Let's skip over some technical problems, like jamming of the airwaves during those 12 lane bumper to bumper traffic jams we get on the New Jersey Turnpike, or the Long Island Expressway. And accuracy of the GPS signals the cars would use to figure their positions. There is only 12 feet of difference between a car safely on coming in the opposite lane and a drunk coming head on in your lane. If the GPS is off by only a few feet in either car, the microprocessors will panic and jam on the brakes. This I do not need after dark in a snow storm. Then you get no protection against a car whose electronics are broke and is off the air.

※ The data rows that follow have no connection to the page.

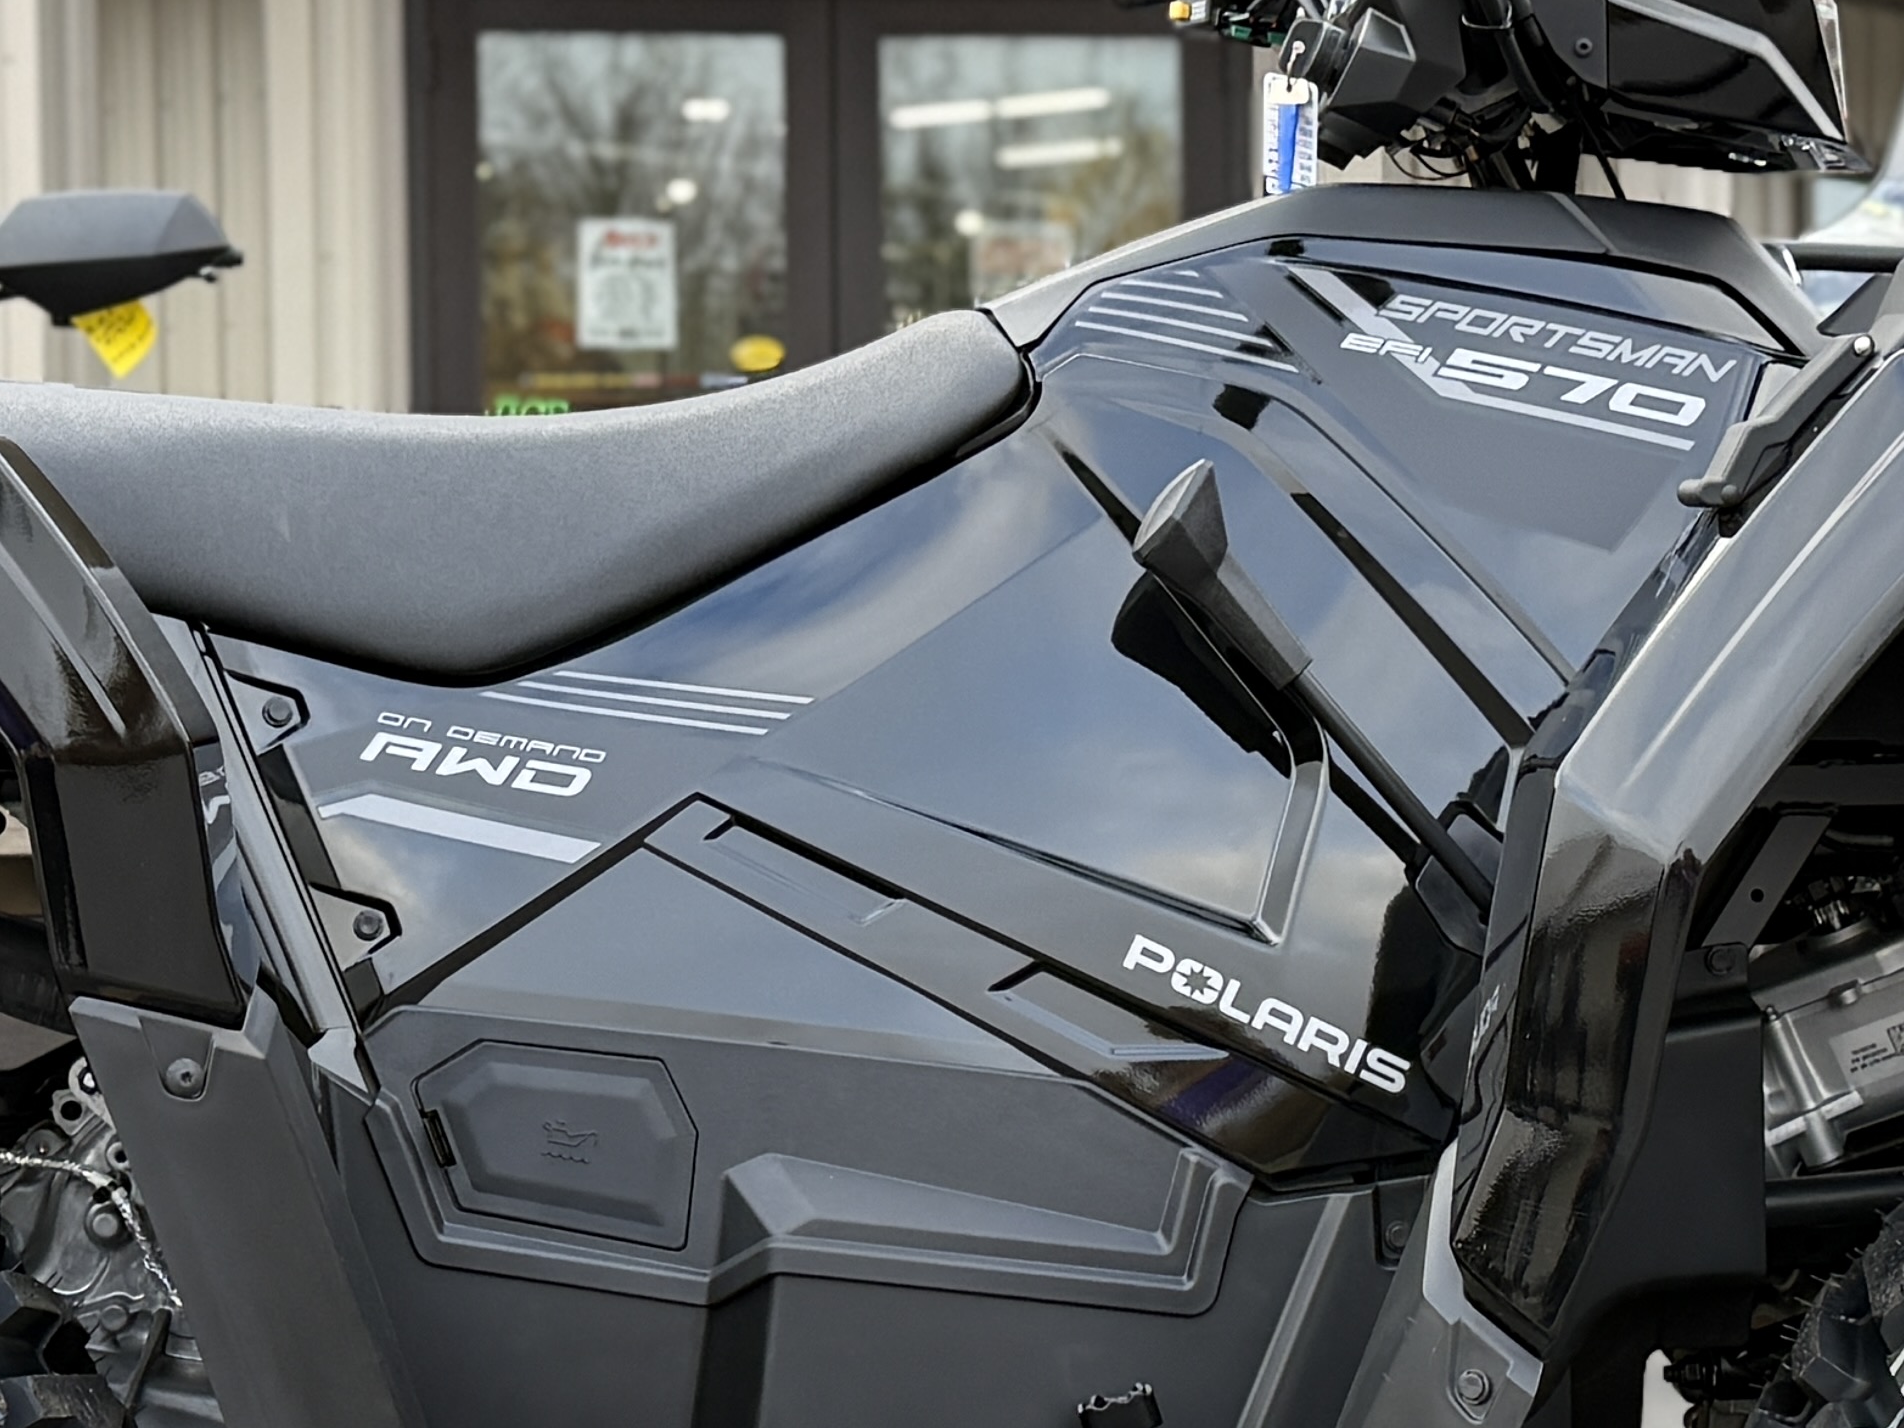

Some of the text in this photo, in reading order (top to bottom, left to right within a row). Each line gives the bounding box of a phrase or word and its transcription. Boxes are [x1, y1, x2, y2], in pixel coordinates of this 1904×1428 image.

[1339, 331, 1707, 428] EFI 570
[1376, 293, 1737, 384] SPORTSMAN
[358, 730, 593, 798] AWD
[376, 710, 607, 764] ON DEMAND
[1122, 933, 1412, 1095] POLARIS

The radio signals don't penetrate dirt, hills, Jersey barriers, any sort of obstacle that would block your sight. In short, if you cannot see the other car, the vehicle-to-vehicle signals cannot get thru either. So the system is no better than driving by eye, and I have a lot more confidence in my driving skills as opposed to a microprocessor's driving skills.
This sounds like a pure cost enhancement to me. Makes the car more expensive, harder to repair and less safe.
The TV newsies have been nattering about privacy. They fear the system will broadcast your name, driver's license number, and every place you drive to. That may be a problem, but I'd worry more about having the brakes jammed on in bad weather and throwing my car into a spin, or swerving into a telephone pole when evading an imaginary obstacle.